Text-to-region grounding data:
↓↓↓

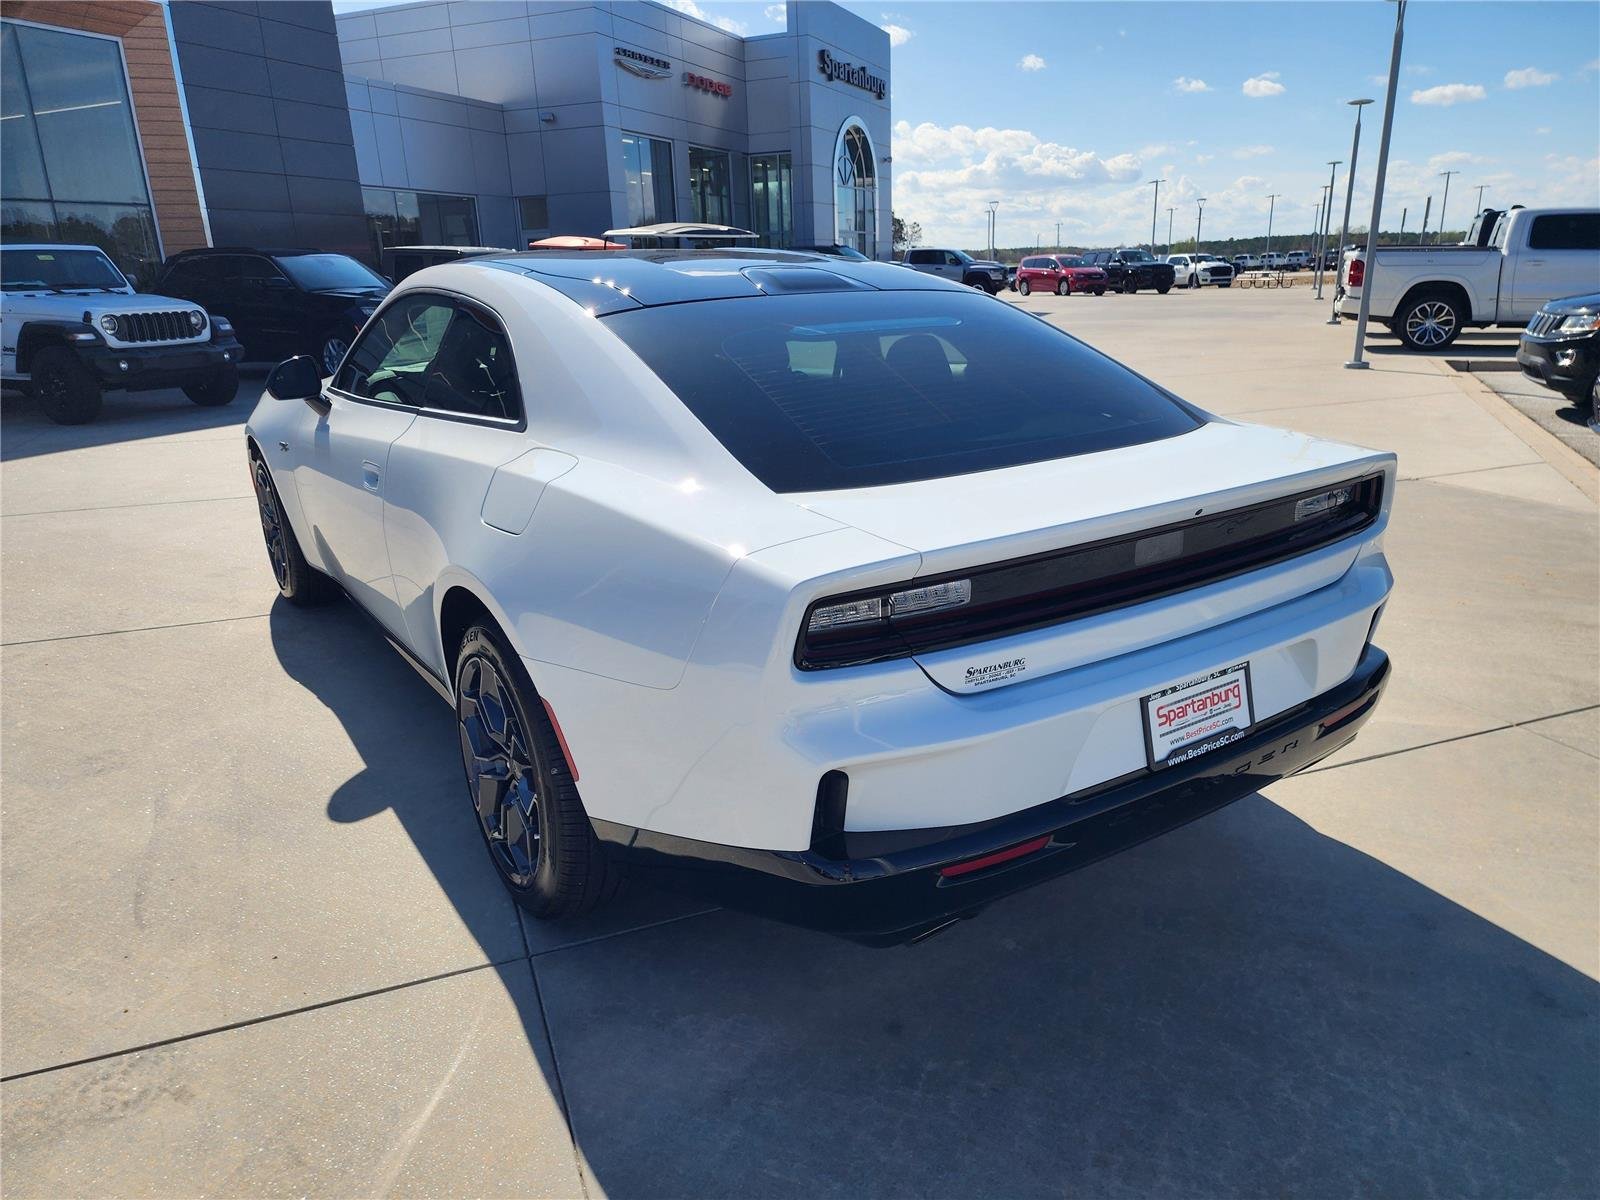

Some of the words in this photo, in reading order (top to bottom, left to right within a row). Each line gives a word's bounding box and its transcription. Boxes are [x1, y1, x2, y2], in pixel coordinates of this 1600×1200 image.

[685, 72, 733, 97] DODGE
[818, 49, 887, 100] Spartanburg
[965, 658, 1026, 678] SPARTANBURG
[1156, 684, 1242, 727] Spartanburg
[1169, 716, 1234, 746] www.BestPriceSC.com
[1167, 731, 1245, 767] www.BestPriceSC.com
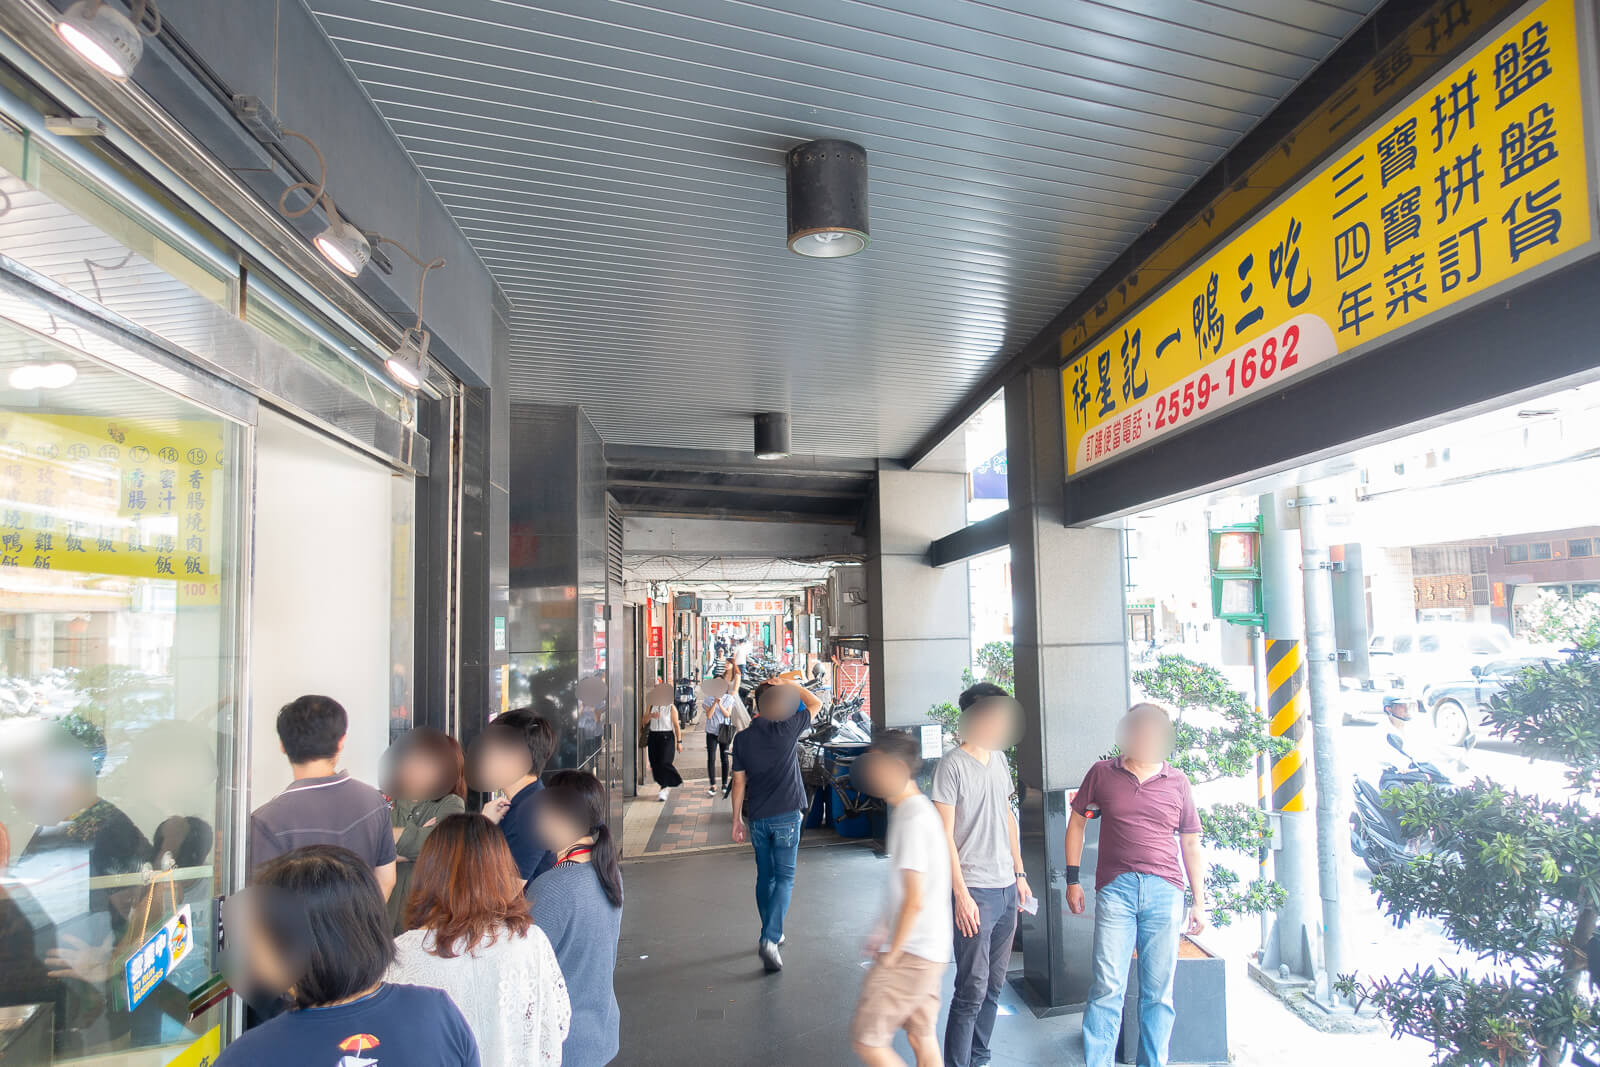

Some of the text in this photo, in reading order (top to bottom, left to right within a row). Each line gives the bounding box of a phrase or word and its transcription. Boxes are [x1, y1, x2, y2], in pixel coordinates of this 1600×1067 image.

[1332, 20, 1552, 220] 三寶拼盤
[1335, 103, 1559, 280] 四寶拼盤
[1337, 178, 1562, 337] 年菜訂貨
[1071, 217, 1312, 431] 祥星記一鴨三吃
[1154, 325, 1301, 429] 2559-1682
[127, 468, 147, 552] 香腸飯
[155, 469, 177, 575] 蜜汁腸飯
[184, 469, 205, 575] 香腸燒肉飯

↑↑↑

WORK TO COMPLETE: Reprint every record exactly and skip the pictures.

RESULT BELOW:
Some of the words in this photo, in reading order (top to bottom, left to right within a row). Each line gives a word's bounding box and its transcription. Boxes are [x1, y1, x2, y2], in pixel coordinates of this 1600×1200 image.

[685, 72, 733, 97] DODGE
[818, 49, 887, 100] Spartanburg
[965, 658, 1026, 678] SPARTANBURG
[1156, 684, 1242, 727] Spartanburg
[1169, 716, 1234, 746] www.BestPriceSC.com
[1167, 731, 1245, 767] www.BestPriceSC.com

Some of the text in this photo, in reading order (top to bottom, left to right within a row). Each line gives the bounding box of a phrase or word and its transcription. Boxes are [x1, y1, x2, y2], in pixel coordinates of this 1600×1067 image.

[1332, 20, 1552, 220] 三寶拼盤
[1335, 103, 1559, 280] 四寶拼盤
[1337, 178, 1562, 337] 年菜訂貨
[1071, 217, 1312, 431] 祥星記一鴨三吃
[1154, 325, 1301, 429] 2559-1682
[127, 468, 147, 552] 香腸飯
[155, 469, 177, 575] 蜜汁腸飯
[184, 469, 205, 575] 香腸燒肉飯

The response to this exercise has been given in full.